As an example, Brown mentioned article 32 which is the “big one on security processing which goes into a lot more detail than the equivalent article in the old Data Protection directive, article 17. And it does mention certain things like Pseudonymisation and encryption. IT brings the well-know CIA triad into data protection law for the first time.”
“What that all means is everything that is currently thought of as best practice becomes the legal minimum. So take that previous baseline, that's now the minimum and start to build beyond that.
Brown said he gets asked how an organisation, such as a small business, can go about this as it can be quite difficult with lots of different laws and frameworks.
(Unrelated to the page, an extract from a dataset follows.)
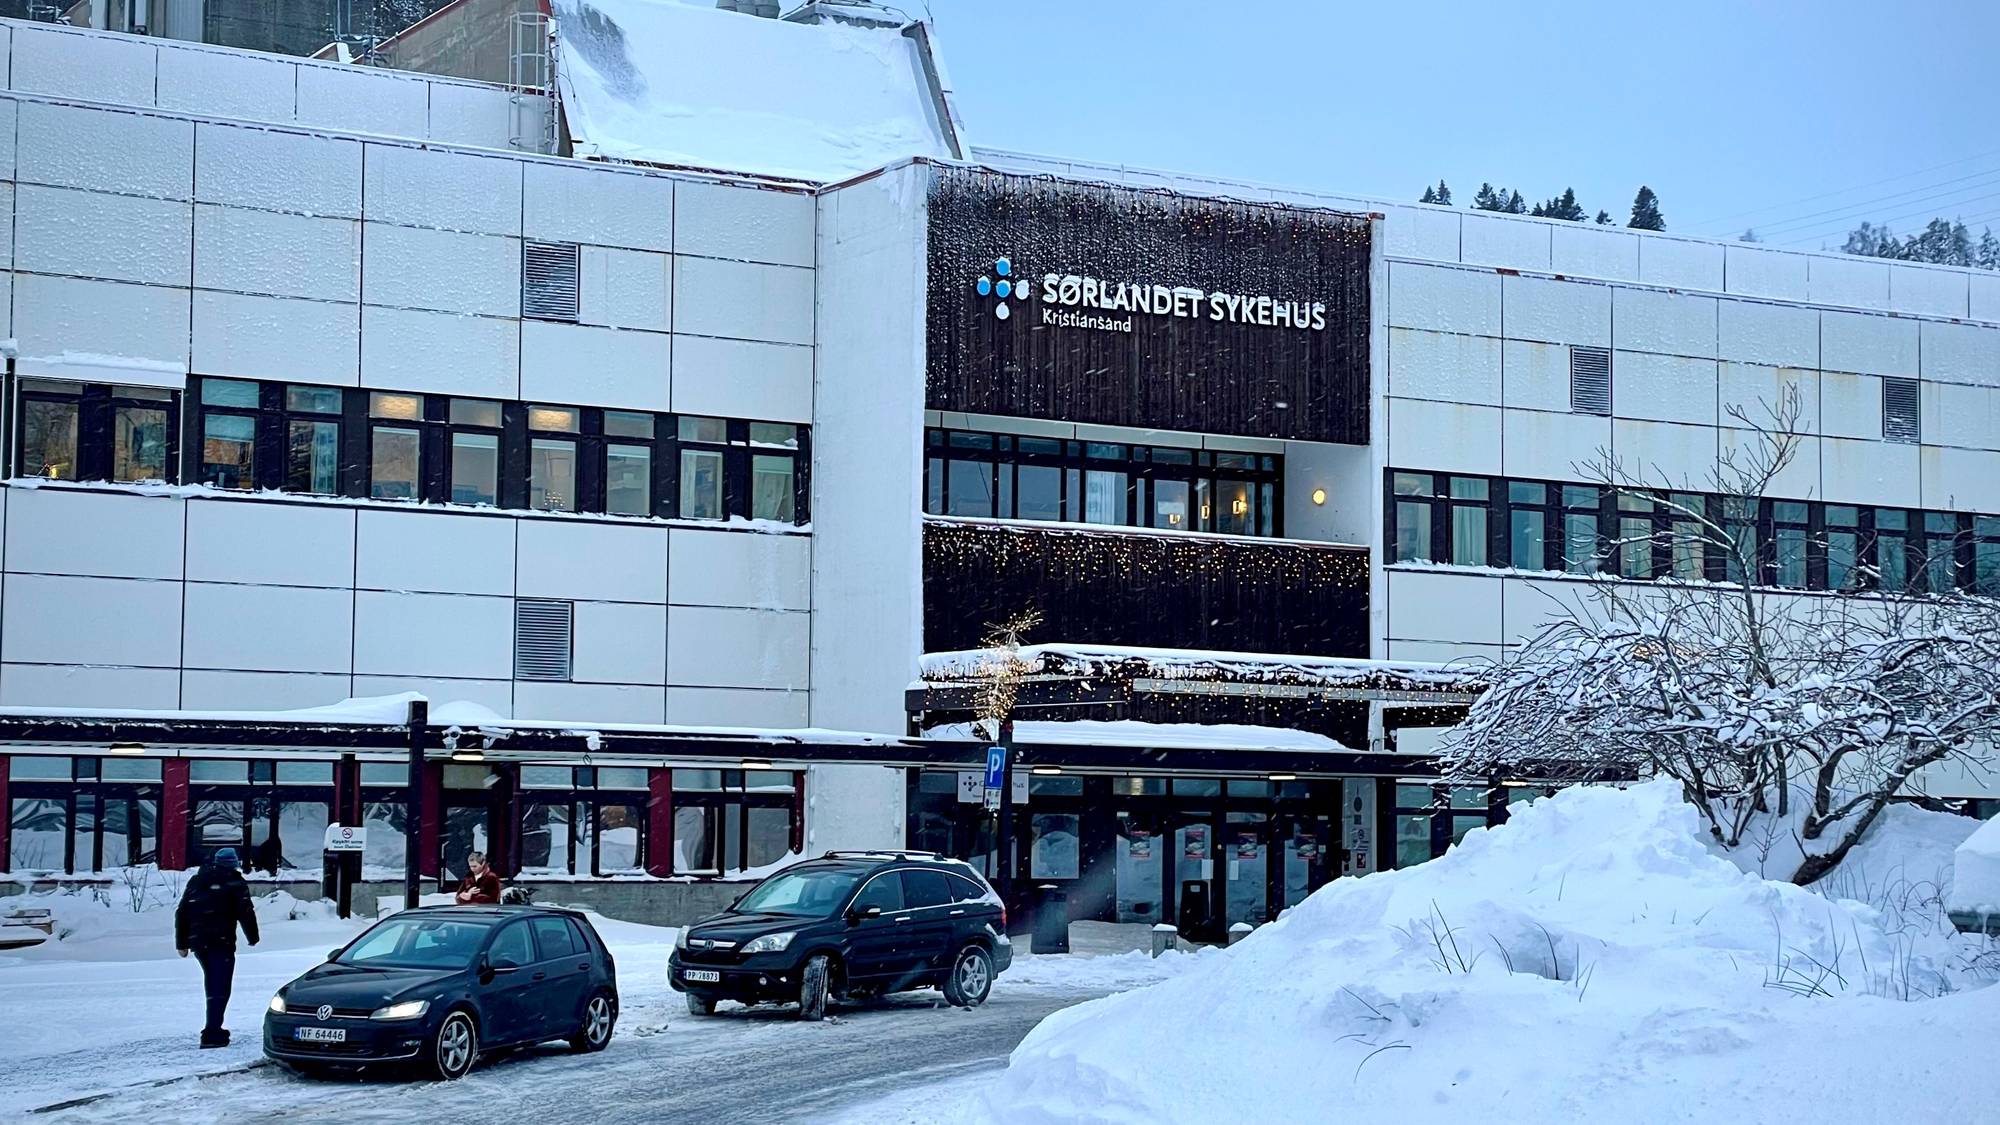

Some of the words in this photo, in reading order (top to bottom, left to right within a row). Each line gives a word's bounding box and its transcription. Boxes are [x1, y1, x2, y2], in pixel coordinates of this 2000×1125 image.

Brown said this may pose challenges for smaller businesses but the best thing to do in this case was to get the basics right, such as following the Cyber Essentials basic set of technical controls.
“You need to consider the requirements specific to you and look to standard guidance and advice,” he said. He urged organisations to learn from the mistakes of others with widely available lists of common errors such as the OWASP top ten.
“In summary, do the basics, identify and improve, make sure you are testing, practicing, auditing, and getting things right. That's what we look at in terms of the technical areas of compliance.”
Also speaking on the panel debate was Ailidh Callander, Legal officer at Privacy International. She said that while a good deal of GDPR was dealing with issues raised by organisations such as hers, there were still problems and limitations.
“GDPR does go some way to protect data in a sense that in order for these rights to be effective, these obligation need to be taken seriously and put into practice in designing, planning, producing and maintaining systems and services.
“But GDPR doesn't go far enough in the sense that it is limited to an extent in its territorial scope. There are carve outs and exemptions. And there is this issue that it only protects what is defined as personal data.
“In practice, adequate consideration is often not given to whether an individual is indirectly identifiable, whether data is actually anonymised, or merely pseudonymised.
She said that we are faced with a problem of data exploitation in our daily lives, but at least GDPR offers some tools in addressing concerns by enforcing privacy by default, data minimisation and strengthening the rights of individuals, and security of data.